The warning follows analysis commissioned by private financiers, municipalities and the arts and culture industry, including Kunsten ’92 and the Culture Fund.
“The uncoordinated pile of cutbacks and measures has an enormous impact on the entire arts and culture sector, both in the short and long term,” says Culture Fund director Cathelijne Broers. “For the first time, the data from this consortium has been combined and analysed and it shows that the entire arts and culture sector is being affected with a loss of €350 million per year in income. This is due to the decrease in audience, less subsidy and less private income.”
Under proposals from the country’s new right-wing government, the VAT rate for concert, festival, sports and museum tickets, in addition to books, hotels and newspapers, would increase from 9% to 21%. The government says the increase will generate €2.2bn a year for the treasury, but campaigners say it will add more than 10% to the price of tickets.
“The VAT measure costs the sector more than it brings in for the state treasury”
“The VAT measure costs the sector more than it brings in for the state treasury,” continues Broers. “The miscalculation is that the price elasticity of the VAT increase does not include the increase in the prices of entrance tickets due to the rising costs for personnel, materials and energy. The assumption is 5-6% less public revenue, but that is more like 9-12%.”
Together with the creative industry, the Dutch arts and culture sector is provides work for 392,000 people. The consortium is urgently requesting a postponement of the VAT increase to enable a “thorough investigation” of the actual revenues and consequences for the business.

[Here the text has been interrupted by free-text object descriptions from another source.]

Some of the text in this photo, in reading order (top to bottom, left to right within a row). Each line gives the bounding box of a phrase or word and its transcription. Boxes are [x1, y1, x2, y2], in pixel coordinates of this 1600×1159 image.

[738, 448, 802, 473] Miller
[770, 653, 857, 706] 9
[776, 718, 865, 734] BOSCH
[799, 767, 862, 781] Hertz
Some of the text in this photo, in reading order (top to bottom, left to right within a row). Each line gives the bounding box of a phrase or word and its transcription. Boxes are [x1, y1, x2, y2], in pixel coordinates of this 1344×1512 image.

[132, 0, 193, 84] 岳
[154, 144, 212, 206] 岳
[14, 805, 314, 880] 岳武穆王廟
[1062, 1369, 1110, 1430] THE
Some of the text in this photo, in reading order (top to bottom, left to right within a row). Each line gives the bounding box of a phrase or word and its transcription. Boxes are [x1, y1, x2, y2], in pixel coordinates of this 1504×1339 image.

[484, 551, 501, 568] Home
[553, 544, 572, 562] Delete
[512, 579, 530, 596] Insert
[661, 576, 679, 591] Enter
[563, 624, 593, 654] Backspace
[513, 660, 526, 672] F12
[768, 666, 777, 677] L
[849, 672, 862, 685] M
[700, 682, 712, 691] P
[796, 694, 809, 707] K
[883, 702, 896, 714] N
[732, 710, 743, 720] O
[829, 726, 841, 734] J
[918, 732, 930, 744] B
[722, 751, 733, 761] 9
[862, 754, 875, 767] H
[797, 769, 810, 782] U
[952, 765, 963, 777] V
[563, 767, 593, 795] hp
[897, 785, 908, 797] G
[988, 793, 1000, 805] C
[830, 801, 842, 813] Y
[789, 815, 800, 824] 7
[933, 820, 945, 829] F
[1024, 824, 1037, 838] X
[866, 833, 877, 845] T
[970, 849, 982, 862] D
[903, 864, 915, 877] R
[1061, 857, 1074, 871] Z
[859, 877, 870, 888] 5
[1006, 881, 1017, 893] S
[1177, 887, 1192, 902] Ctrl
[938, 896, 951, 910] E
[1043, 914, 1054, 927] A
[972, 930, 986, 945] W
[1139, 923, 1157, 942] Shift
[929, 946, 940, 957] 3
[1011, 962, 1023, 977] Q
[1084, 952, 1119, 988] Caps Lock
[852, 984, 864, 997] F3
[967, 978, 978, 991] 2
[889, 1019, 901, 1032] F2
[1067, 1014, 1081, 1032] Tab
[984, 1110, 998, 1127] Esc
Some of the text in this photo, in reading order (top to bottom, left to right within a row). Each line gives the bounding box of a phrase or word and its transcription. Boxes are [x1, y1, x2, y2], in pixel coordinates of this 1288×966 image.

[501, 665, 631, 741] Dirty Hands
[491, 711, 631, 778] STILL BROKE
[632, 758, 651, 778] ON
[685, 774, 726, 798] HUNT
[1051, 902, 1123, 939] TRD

“The arts and culture sector just experienced the ‘perfect storm’: the corona pandemic, energy crisis and cost increases dealt heavy blows to makers and organisations,” adds Jeroen Bartelse, co-chair of Kunsten ’92. “This analysis shows that the accumulation of measures will hit the sector amidships again. Taken together, these measures have a greater financial impact than the draconian cuts of the Rutte I cabinet in the period 2010-2012.”
On 3 June, a full-page advert appeared in every national and regional newspaper with the message #nohigherebtw (nohigherVAT) on behalf of a coalition of organisations in the Netherlands including the Association of Dutch Music Venues and Festivals’ (VNPF), as well as other groups across culture, media, catering, books and sports.
The VNPF has previously called on the authorities to reconsider the tax hike, warning it could have grave consequences for the domestic live music business.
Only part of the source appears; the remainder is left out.